[Extracted data entries]
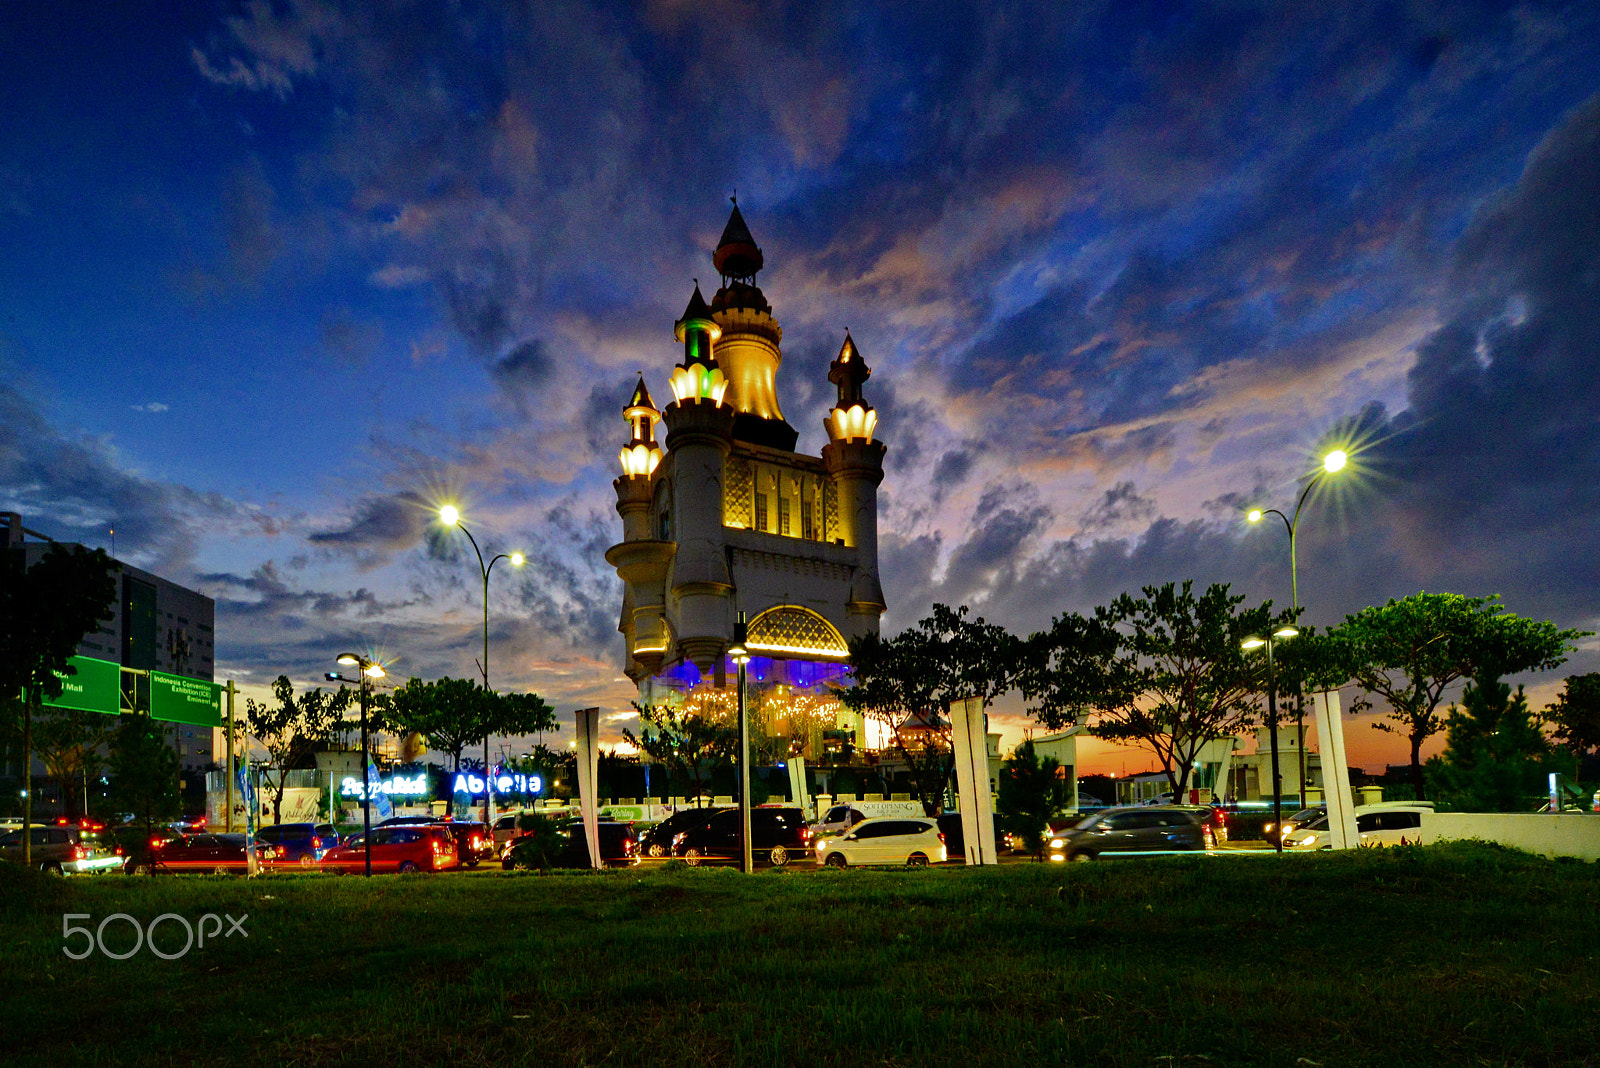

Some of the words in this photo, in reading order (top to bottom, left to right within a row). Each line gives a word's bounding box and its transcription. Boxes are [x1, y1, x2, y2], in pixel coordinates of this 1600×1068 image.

[66, 682, 83, 693] Mall
[154, 675, 181, 686] Indonesia
[182, 680, 212, 692] Convention
[172, 685, 199, 696] Exhibition
[187, 695, 211, 705] Eminent
[881, 803, 913, 811] OPENING
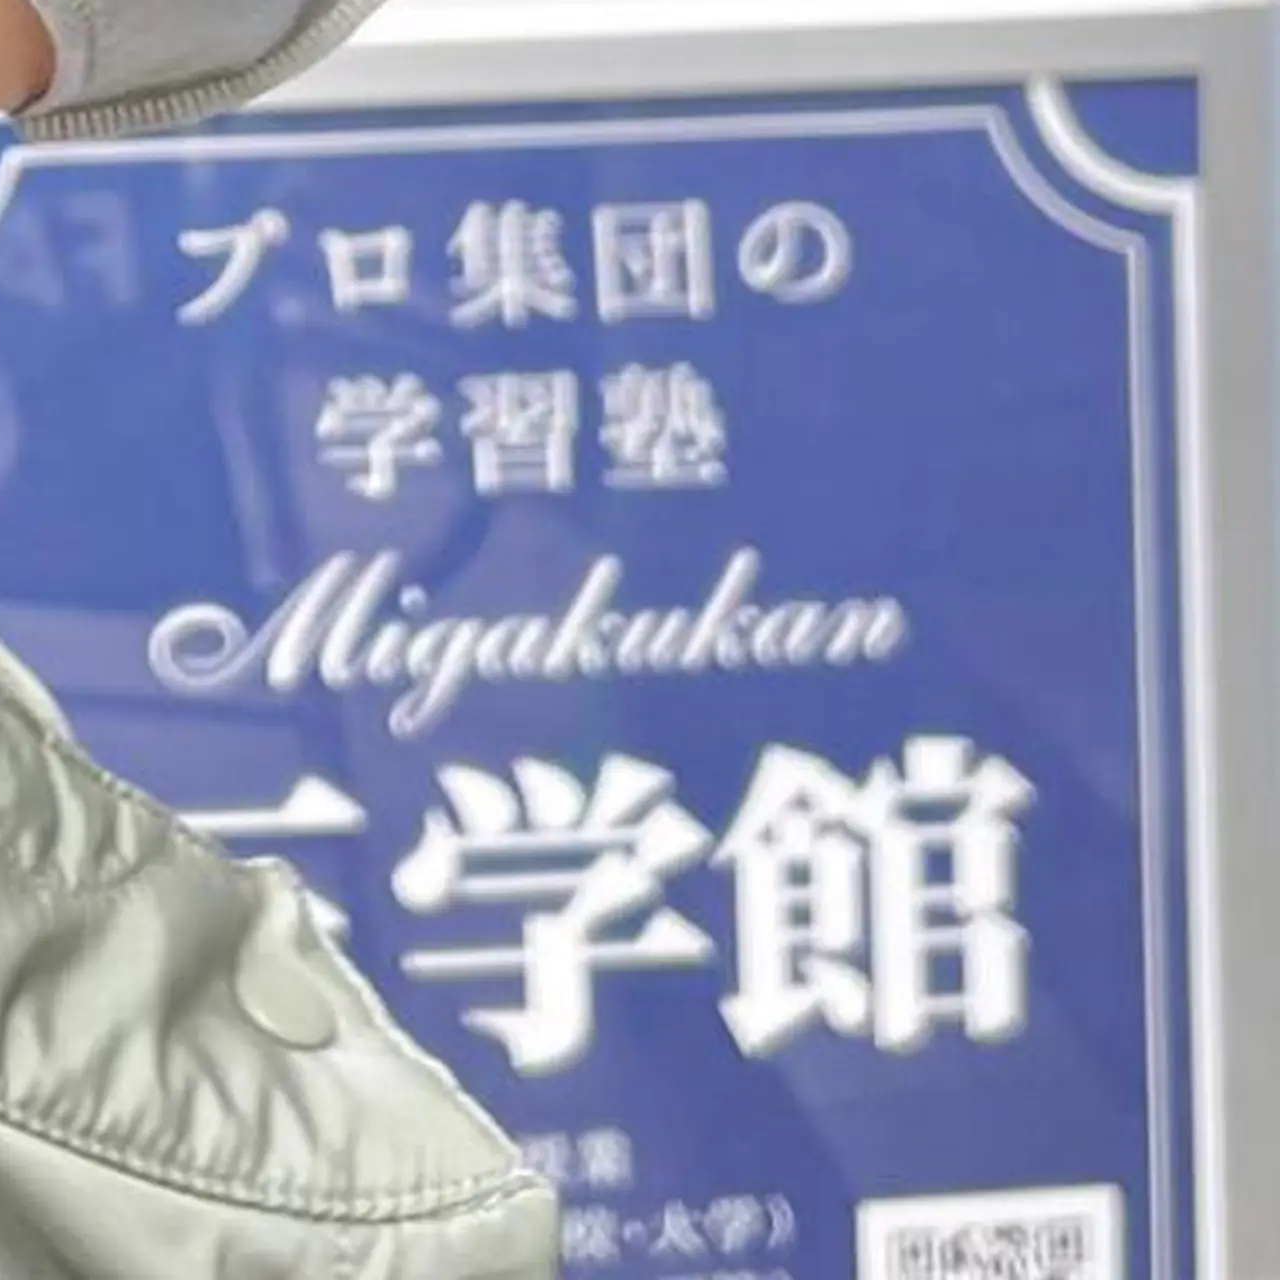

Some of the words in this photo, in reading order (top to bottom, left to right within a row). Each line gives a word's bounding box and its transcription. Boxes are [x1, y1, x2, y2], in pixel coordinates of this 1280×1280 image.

[174, 198, 854, 327] プロ集団の
[311, 361, 728, 497] 学習塾
[146, 545, 910, 737] Migakukan
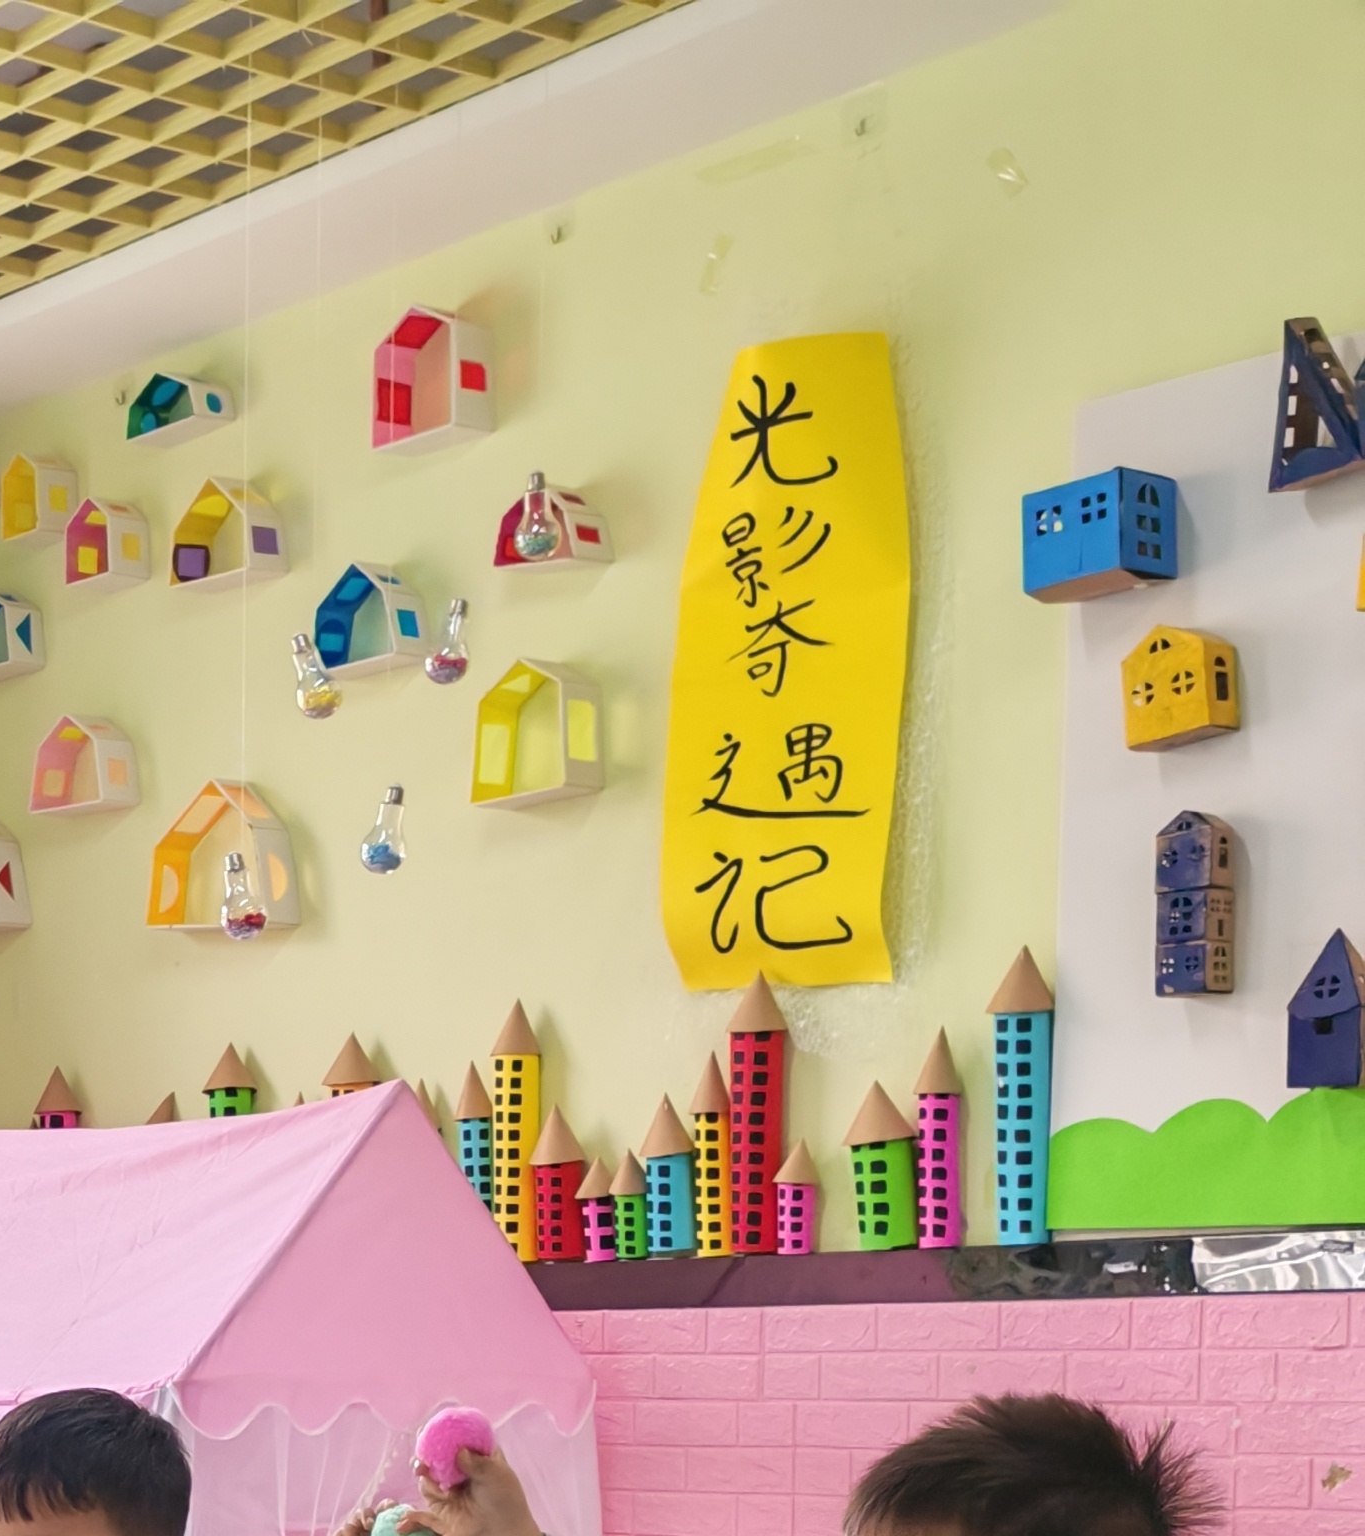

What to produce:
Please repeat, exactly as written, only the lines from the line with "this 1280×1280 image." to the end of the data, leaving out every picture.

Solution to this task:
Some of the words in this photo, in reading order (top to bottom, left to right within a row). Each line gives a word's bounding box and its transcription. Boxes are [x1, y1, x2, y2], in pixel coordinates of this 1280×1280 image.

[174, 198, 854, 327] プロ集団の
[311, 361, 728, 497] 学習塾
[146, 545, 910, 737] Migakukan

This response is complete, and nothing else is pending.